Some guests, such as Tony Award-winning actors Julie White, PCS ’09, and John Benjamin Hickey, FCLC ’85, are friends she met at Fordham. Others are fellow performers she met as a founding member of the Naked Angels theater company, including Sarah Jessica Parker, Matthew Broderick, and Mary Stuart Masterson.

A Talent for Comedy

Levine’s conversations with her guests are often laced with humor, something that has served her well, she says, not only as a podcast host but throughout her life and acting career. It’s the reason she landed the role of Lucy in the Broadway musical, even though she insisted, when she was called to audition for the part, that she couldn’t sing.

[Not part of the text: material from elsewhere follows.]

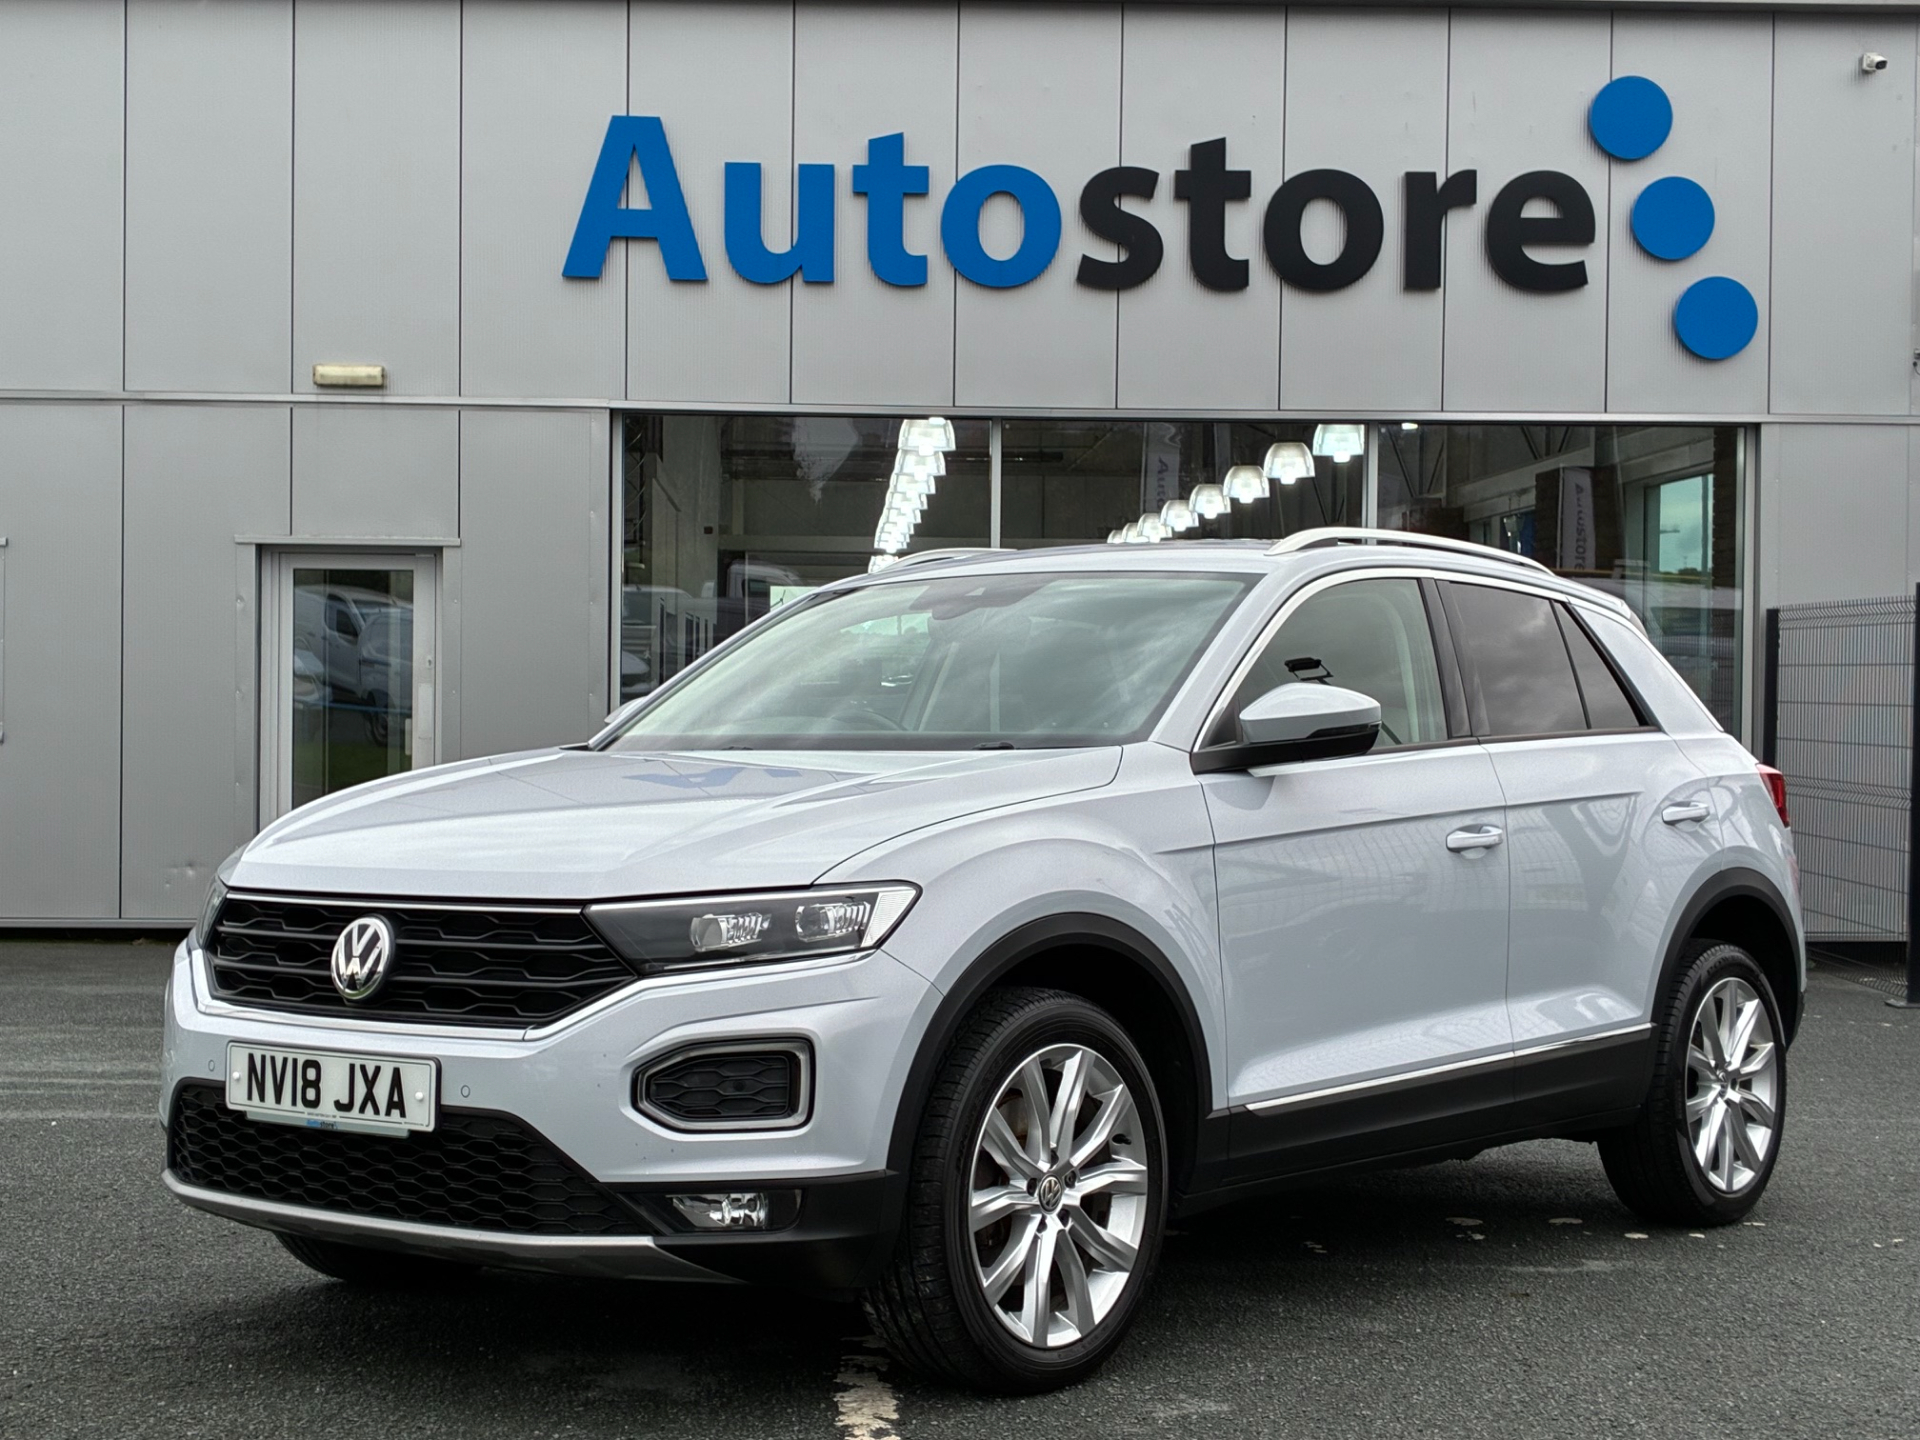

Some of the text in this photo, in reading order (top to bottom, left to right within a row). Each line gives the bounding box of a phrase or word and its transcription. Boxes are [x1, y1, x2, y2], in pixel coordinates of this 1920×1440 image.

“The director apparently had seen me perform before and felt that I had the essence of what they had in mind for Lucy,” Levine recalls. “They wanted a comedic actress.” The team worked with her on vocal exercises to give her confidence, and the project turned out to be one of the most memorable highlights of her acting career. “It was a stage-door experience that was the most glorious … so pure and beautiful,” Levine says.

Years later, the song Levine sang in the musical, “12 Little Known Facts,” inspired the name of her podcast. “It was the perfect name for what was happening in all of my conversations,” she says.

Fordham and theater weren’t in Levine’s thoughts until she spent a gap year between high school and college in Israel. Before that, her plan was to study advertising.

“Fordham was so enthusiastic and excited that I spent a year in Israel—not only did they give me credits for the courses I took, but they gave me a whole year,” says the New Jersey native. “They understood the life experience and community service were meaningful in my development as a human and my education at the college level.”

Levine adds that there is no better place to learn about theater than in New York City, and that in addition to giving her the chance to perform in and work on several productions as an undergraduate, her Fordham Theatre instructors frequently took her and her classmates to see shows on and off Broadway.

“It was such an exciting time, running around in the city with a group of warm and gifted students,” she says. “It was a tremendous beginning to my life in theater and I’m so grateful.”